**What you need to do:** Please return the data word for word and leave out any picture it contains.

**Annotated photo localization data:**

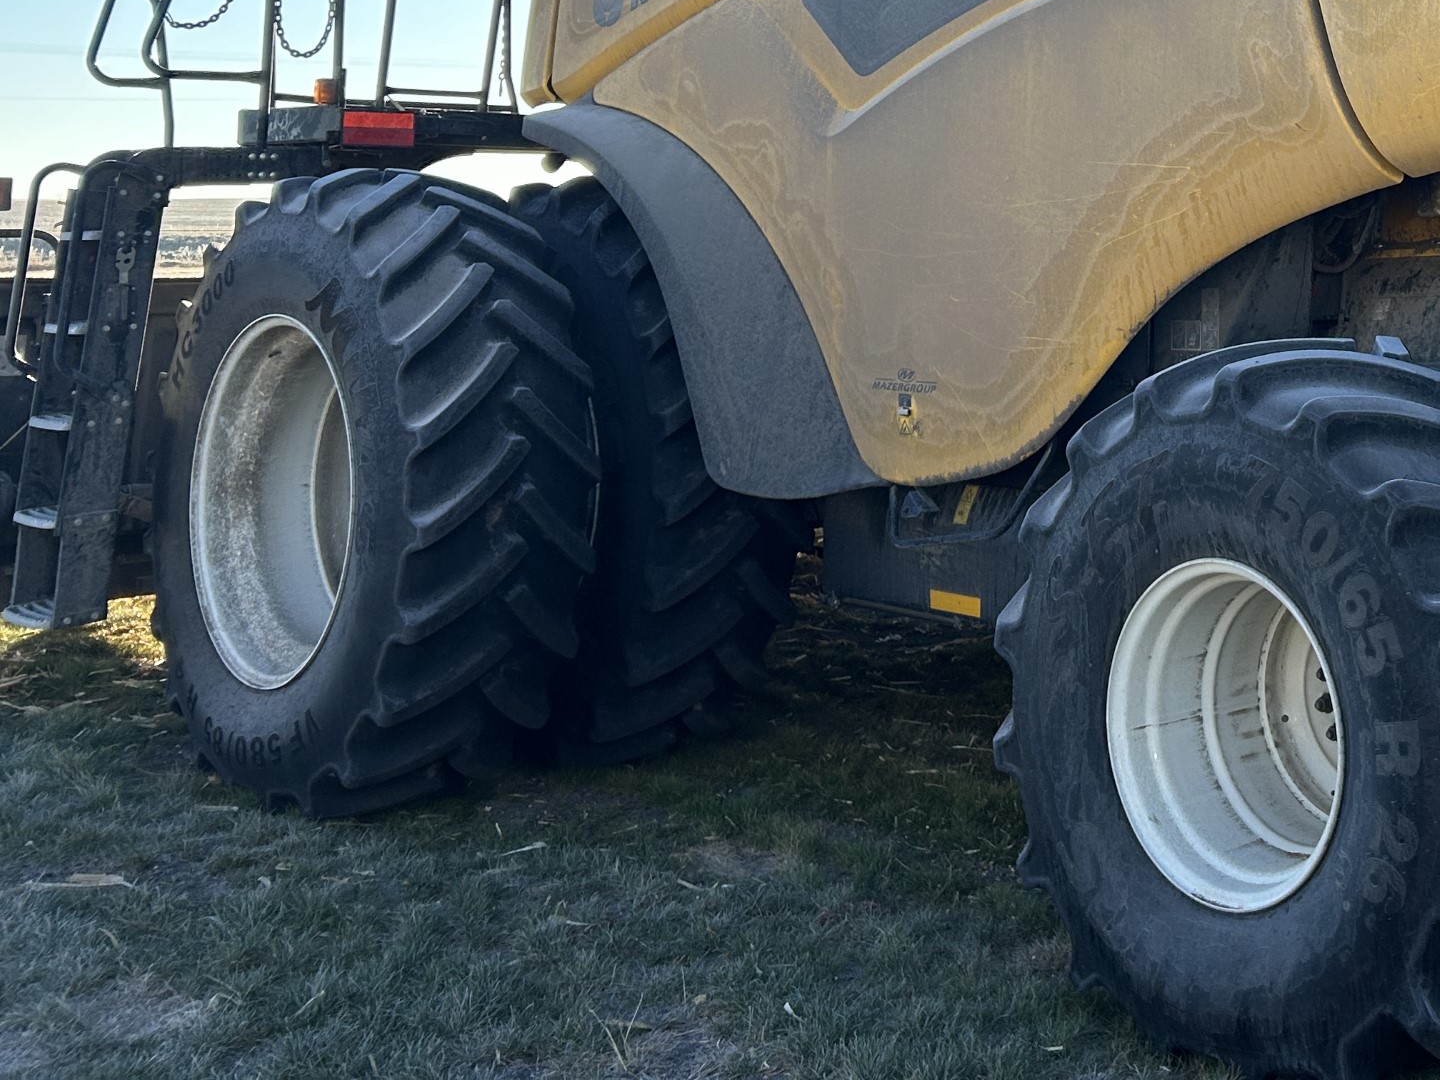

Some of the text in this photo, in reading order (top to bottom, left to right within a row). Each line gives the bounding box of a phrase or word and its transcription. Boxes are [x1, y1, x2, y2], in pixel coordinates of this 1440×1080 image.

[872, 381, 937, 393] MAZERGROUP
[203, 716, 282, 769] 580/85
[1375, 720, 1421, 777] R
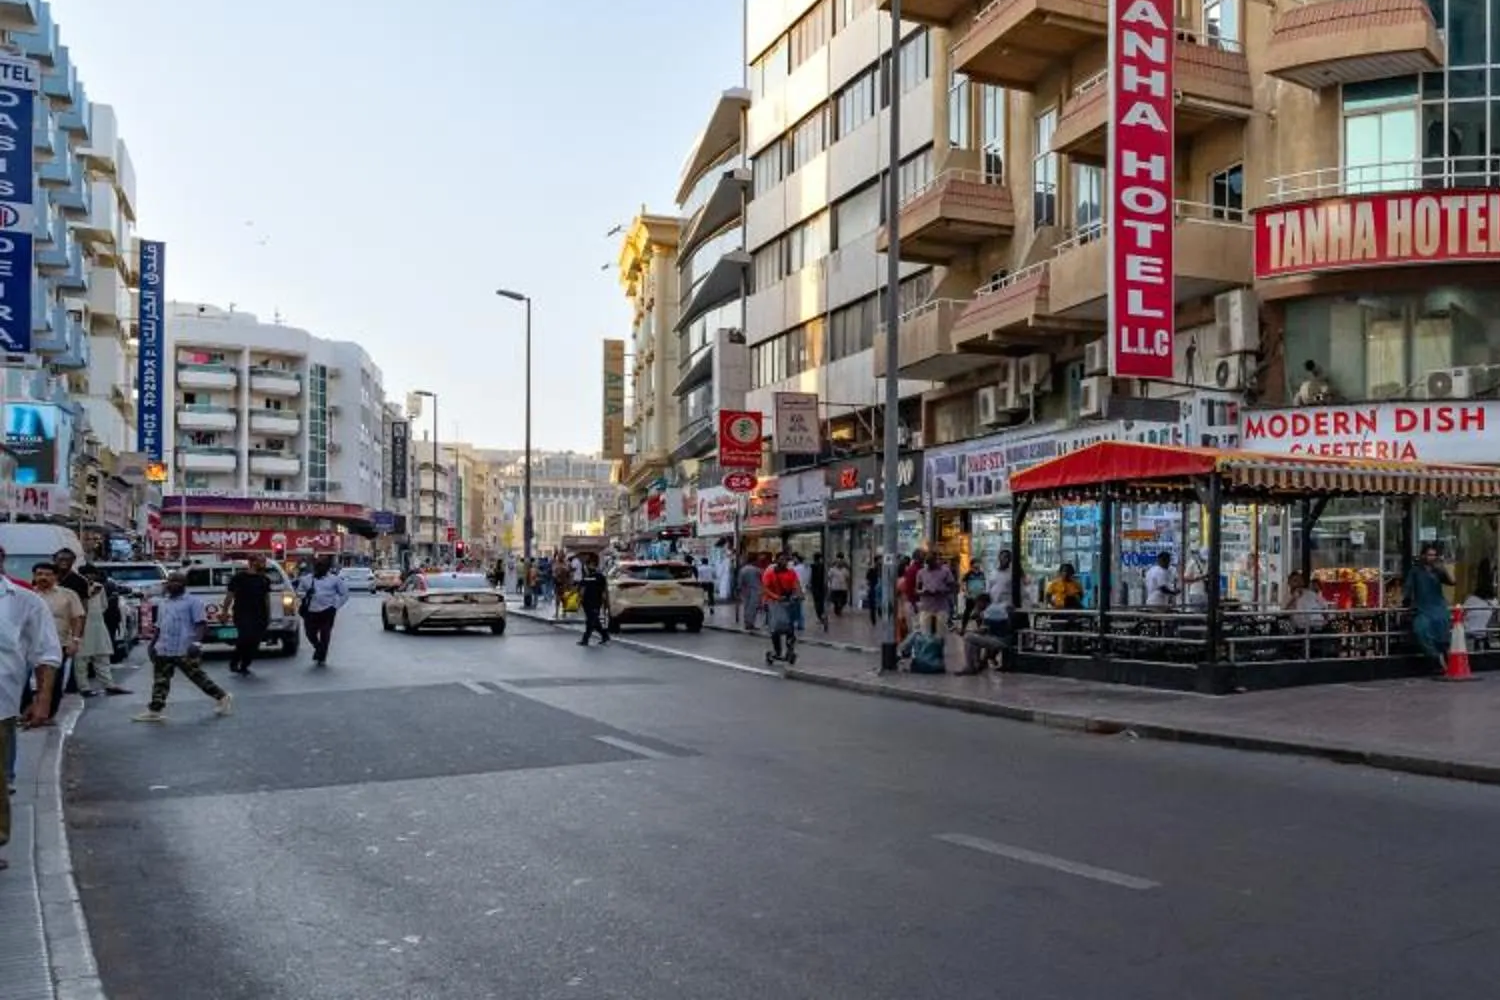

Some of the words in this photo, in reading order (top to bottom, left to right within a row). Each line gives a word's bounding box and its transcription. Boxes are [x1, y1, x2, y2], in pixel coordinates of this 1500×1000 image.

**Expected output:**
Some of the text in this photo, in reading order (top to bottom, left to right within a row). Each line gives the bounding box of a phrase or word and its transcription. Boxes are [x1, y1, x2, y2], in pixel coordinates of this 1440×1080 image.

[872, 381, 937, 393] MAZERGROUP
[203, 716, 282, 769] 580/85
[1375, 720, 1421, 777] R

Some of the words in this photo, in reading order (top to bottom, left to right within a row). Each line gives a word's bounding box and its transcription. Boxes are [x1, y1, x2, y2], in pixel coordinates of this 1500×1000 image.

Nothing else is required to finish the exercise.